(Collected data)
****************

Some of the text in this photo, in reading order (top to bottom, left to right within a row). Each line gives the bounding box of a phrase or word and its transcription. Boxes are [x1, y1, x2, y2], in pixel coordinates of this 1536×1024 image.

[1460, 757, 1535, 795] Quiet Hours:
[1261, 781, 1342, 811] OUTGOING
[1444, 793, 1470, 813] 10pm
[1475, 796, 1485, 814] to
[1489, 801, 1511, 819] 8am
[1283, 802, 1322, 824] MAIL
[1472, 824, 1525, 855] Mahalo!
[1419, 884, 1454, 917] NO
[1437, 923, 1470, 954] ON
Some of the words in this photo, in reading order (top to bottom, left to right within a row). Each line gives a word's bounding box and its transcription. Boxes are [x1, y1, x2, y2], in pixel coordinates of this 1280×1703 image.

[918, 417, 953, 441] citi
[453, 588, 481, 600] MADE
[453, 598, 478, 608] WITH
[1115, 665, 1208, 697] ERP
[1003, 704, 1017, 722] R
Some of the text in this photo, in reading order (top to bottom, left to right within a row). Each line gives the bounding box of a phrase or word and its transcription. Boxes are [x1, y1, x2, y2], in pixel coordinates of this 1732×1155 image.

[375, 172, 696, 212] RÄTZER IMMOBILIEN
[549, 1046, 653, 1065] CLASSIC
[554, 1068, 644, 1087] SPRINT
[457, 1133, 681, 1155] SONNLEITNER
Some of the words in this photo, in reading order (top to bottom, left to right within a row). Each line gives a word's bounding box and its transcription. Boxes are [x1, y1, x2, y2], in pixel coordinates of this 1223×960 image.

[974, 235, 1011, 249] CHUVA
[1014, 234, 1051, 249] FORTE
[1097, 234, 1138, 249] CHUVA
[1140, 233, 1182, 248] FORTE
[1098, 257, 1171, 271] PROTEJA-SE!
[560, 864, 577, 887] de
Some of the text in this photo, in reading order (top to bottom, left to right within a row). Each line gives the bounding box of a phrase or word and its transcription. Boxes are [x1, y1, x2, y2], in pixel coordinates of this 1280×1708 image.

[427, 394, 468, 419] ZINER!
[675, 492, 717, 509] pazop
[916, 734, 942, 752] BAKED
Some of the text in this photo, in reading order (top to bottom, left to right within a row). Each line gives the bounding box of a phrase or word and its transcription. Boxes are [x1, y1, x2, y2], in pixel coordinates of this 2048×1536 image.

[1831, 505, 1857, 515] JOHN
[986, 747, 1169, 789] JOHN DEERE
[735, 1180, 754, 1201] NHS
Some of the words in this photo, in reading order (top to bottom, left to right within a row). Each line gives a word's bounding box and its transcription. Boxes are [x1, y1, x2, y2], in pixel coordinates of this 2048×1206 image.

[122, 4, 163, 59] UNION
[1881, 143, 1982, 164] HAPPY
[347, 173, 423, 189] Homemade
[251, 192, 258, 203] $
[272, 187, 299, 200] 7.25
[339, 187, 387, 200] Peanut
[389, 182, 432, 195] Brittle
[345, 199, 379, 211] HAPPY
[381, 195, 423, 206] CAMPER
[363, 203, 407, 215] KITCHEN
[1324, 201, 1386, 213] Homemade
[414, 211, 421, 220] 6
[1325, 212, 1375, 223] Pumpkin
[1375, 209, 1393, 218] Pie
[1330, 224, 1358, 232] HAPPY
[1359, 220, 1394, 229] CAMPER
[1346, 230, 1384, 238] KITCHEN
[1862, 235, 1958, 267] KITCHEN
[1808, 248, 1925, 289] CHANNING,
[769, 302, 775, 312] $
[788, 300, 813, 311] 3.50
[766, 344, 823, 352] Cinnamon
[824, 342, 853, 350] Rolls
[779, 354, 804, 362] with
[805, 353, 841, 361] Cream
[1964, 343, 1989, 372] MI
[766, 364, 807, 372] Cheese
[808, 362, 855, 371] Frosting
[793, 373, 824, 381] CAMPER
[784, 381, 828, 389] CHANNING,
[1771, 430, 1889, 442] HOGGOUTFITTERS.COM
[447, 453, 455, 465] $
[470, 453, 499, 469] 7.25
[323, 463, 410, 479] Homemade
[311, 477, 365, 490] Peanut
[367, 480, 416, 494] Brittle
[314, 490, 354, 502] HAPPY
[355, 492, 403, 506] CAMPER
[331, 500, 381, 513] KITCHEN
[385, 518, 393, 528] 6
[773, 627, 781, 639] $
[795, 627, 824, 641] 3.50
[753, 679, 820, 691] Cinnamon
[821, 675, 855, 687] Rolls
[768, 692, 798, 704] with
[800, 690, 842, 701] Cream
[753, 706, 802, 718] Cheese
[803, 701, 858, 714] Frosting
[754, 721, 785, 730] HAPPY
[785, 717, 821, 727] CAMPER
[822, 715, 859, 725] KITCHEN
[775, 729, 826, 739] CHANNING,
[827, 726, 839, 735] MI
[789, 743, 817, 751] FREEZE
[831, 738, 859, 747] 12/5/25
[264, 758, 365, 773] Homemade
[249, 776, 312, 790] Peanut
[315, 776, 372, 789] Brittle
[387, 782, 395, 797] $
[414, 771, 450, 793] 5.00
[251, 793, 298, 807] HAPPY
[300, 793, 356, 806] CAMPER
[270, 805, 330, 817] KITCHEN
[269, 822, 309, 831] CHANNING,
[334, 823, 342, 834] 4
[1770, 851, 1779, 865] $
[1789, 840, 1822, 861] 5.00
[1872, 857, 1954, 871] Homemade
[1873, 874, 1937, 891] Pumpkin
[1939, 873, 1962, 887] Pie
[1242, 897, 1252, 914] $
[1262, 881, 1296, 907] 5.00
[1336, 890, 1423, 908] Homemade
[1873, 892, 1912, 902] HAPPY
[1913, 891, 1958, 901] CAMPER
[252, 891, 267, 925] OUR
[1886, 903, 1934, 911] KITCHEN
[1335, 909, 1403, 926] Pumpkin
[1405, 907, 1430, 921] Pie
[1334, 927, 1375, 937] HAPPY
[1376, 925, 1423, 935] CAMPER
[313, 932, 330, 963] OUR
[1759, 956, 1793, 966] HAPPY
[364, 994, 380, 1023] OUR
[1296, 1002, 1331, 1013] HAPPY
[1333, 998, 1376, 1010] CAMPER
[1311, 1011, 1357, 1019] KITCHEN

****************

Goal of the exercise>
Each record must be output exactly, with none omitted.

Problem solution>
Some of the text in this photo, in reading order (top to bottom, left to right within a row). Each line gives the bounding box of a phrase or word and its transcription. Boxes are [x1, y1, x2, y2], in pixel coordinates of this 1536×1024 image.

[1460, 757, 1535, 795] Quiet Hours:
[1261, 781, 1342, 811] OUTGOING
[1444, 793, 1470, 813] 10pm
[1475, 796, 1485, 814] to
[1489, 801, 1511, 819] 8am
[1283, 802, 1322, 824] MAIL
[1472, 824, 1525, 855] Mahalo!
[1419, 884, 1454, 917] NO
[1437, 923, 1470, 954] ON
Some of the words in this photo, in reading order (top to bottom, left to right within a row). Each line gives a word's bounding box and its transcription. Boxes are [x1, y1, x2, y2], in pixel coordinates of this 1280×1703 image.

[918, 417, 953, 441] citi
[453, 588, 481, 600] MADE
[453, 598, 478, 608] WITH
[1115, 665, 1208, 697] ERP
[1003, 704, 1017, 722] R
Some of the text in this photo, in reading order (top to bottom, left to right within a row). Each line gives the bounding box of a phrase or word and its transcription. Boxes are [x1, y1, x2, y2], in pixel coordinates of this 1732×1155 image.

[375, 172, 696, 212] RÄTZER IMMOBILIEN
[549, 1046, 653, 1065] CLASSIC
[554, 1068, 644, 1087] SPRINT
[457, 1133, 681, 1155] SONNLEITNER
Some of the words in this photo, in reading order (top to bottom, left to right within a row). Each line gives a word's bounding box and its transcription. Boxes are [x1, y1, x2, y2], in pixel coordinates of this 1223×960 image.

[974, 235, 1011, 249] CHUVA
[1014, 234, 1051, 249] FORTE
[1097, 234, 1138, 249] CHUVA
[1140, 233, 1182, 248] FORTE
[1098, 257, 1171, 271] PROTEJA-SE!
[560, 864, 577, 887] de
Some of the text in this photo, in reading order (top to bottom, left to right within a row). Each line gives the bounding box of a phrase or word and its transcription. Boxes are [x1, y1, x2, y2], in pixel coordinates of this 1280×1708 image.

[427, 394, 468, 419] ZINER!
[675, 492, 717, 509] pazop
[916, 734, 942, 752] BAKED
Some of the text in this photo, in reading order (top to bottom, left to right within a row). Each line gives the bounding box of a phrase or word and its transcription. Boxes are [x1, y1, x2, y2], in pixel coordinates of this 2048×1536 image.

[1831, 505, 1857, 515] JOHN
[986, 747, 1169, 789] JOHN DEERE
[735, 1180, 754, 1201] NHS
Some of the words in this photo, in reading order (top to bottom, left to right within a row). Each line gives a word's bounding box and its transcription. Boxes are [x1, y1, x2, y2], in pixel coordinates of this 2048×1206 image.

[122, 4, 163, 59] UNION
[1881, 143, 1982, 164] HAPPY
[347, 173, 423, 189] Homemade
[251, 192, 258, 203] $
[272, 187, 299, 200] 7.25
[339, 187, 387, 200] Peanut
[389, 182, 432, 195] Brittle
[345, 199, 379, 211] HAPPY
[381, 195, 423, 206] CAMPER
[363, 203, 407, 215] KITCHEN
[1324, 201, 1386, 213] Homemade
[414, 211, 421, 220] 6
[1325, 212, 1375, 223] Pumpkin
[1375, 209, 1393, 218] Pie
[1330, 224, 1358, 232] HAPPY
[1359, 220, 1394, 229] CAMPER
[1346, 230, 1384, 238] KITCHEN
[1862, 235, 1958, 267] KITCHEN
[1808, 248, 1925, 289] CHANNING,
[769, 302, 775, 312] $
[788, 300, 813, 311] 3.50
[766, 344, 823, 352] Cinnamon
[824, 342, 853, 350] Rolls
[779, 354, 804, 362] with
[805, 353, 841, 361] Cream
[1964, 343, 1989, 372] MI
[766, 364, 807, 372] Cheese
[808, 362, 855, 371] Frosting
[793, 373, 824, 381] CAMPER
[784, 381, 828, 389] CHANNING,
[1771, 430, 1889, 442] HOGGOUTFITTERS.COM
[447, 453, 455, 465] $
[470, 453, 499, 469] 7.25
[323, 463, 410, 479] Homemade
[311, 477, 365, 490] Peanut
[367, 480, 416, 494] Brittle
[314, 490, 354, 502] HAPPY
[355, 492, 403, 506] CAMPER
[331, 500, 381, 513] KITCHEN
[385, 518, 393, 528] 6
[773, 627, 781, 639] $
[795, 627, 824, 641] 3.50
[753, 679, 820, 691] Cinnamon
[821, 675, 855, 687] Rolls
[768, 692, 798, 704] with
[800, 690, 842, 701] Cream
[753, 706, 802, 718] Cheese
[803, 701, 858, 714] Frosting
[754, 721, 785, 730] HAPPY
[785, 717, 821, 727] CAMPER
[822, 715, 859, 725] KITCHEN
[775, 729, 826, 739] CHANNING,
[827, 726, 839, 735] MI
[789, 743, 817, 751] FREEZE
[831, 738, 859, 747] 12/5/25
[264, 758, 365, 773] Homemade
[249, 776, 312, 790] Peanut
[315, 776, 372, 789] Brittle
[387, 782, 395, 797] $
[414, 771, 450, 793] 5.00
[251, 793, 298, 807] HAPPY
[300, 793, 356, 806] CAMPER
[270, 805, 330, 817] KITCHEN
[269, 822, 309, 831] CHANNING,
[334, 823, 342, 834] 4
[1770, 851, 1779, 865] $
[1789, 840, 1822, 861] 5.00
[1872, 857, 1954, 871] Homemade
[1873, 874, 1937, 891] Pumpkin
[1939, 873, 1962, 887] Pie
[1242, 897, 1252, 914] $
[1262, 881, 1296, 907] 5.00
[1336, 890, 1423, 908] Homemade
[1873, 892, 1912, 902] HAPPY
[1913, 891, 1958, 901] CAMPER
[252, 891, 267, 925] OUR
[1886, 903, 1934, 911] KITCHEN
[1335, 909, 1403, 926] Pumpkin
[1405, 907, 1430, 921] Pie
[1334, 927, 1375, 937] HAPPY
[1376, 925, 1423, 935] CAMPER
[313, 932, 330, 963] OUR
[1759, 956, 1793, 966] HAPPY
[364, 994, 380, 1023] OUR
[1296, 1002, 1331, 1013] HAPPY
[1333, 998, 1376, 1010] CAMPER
[1311, 1011, 1357, 1019] KITCHEN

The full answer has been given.